What the task asks:
Repeat exactly every line that comes at or after the line containing "this 1440×1920 image.", through the end of the entries below.

#####

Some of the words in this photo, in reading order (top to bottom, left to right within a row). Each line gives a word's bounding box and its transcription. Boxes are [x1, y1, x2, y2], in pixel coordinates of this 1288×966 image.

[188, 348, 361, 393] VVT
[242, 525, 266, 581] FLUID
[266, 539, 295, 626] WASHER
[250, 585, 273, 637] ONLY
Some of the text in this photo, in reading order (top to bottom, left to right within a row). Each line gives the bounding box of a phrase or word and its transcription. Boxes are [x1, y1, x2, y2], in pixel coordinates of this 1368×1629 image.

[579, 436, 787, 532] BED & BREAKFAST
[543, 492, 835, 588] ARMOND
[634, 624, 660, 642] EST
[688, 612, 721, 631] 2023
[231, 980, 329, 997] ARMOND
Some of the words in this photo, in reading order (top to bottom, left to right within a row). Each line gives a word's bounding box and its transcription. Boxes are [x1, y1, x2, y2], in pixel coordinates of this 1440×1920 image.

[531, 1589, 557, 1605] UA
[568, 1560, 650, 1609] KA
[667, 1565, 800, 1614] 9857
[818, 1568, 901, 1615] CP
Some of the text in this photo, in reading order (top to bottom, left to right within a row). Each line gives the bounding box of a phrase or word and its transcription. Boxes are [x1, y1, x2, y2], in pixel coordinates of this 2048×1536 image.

#####

Answer section:
Some of the words in this photo, in reading order (top to bottom, left to right within a row). Each line gives a word's bounding box and its transcription. Boxes are [x1, y1, x2, y2], in pixel coordinates of this 1440×1920 image.

[531, 1589, 557, 1605] UA
[568, 1560, 650, 1609] KA
[667, 1565, 800, 1614] 9857
[818, 1568, 901, 1615] CP
Some of the text in this photo, in reading order (top to bottom, left to right within a row). Each line gives the bounding box of a phrase or word and its transcription. Boxes are [x1, y1, x2, y2], in pixel coordinates of this 2048×1536 image.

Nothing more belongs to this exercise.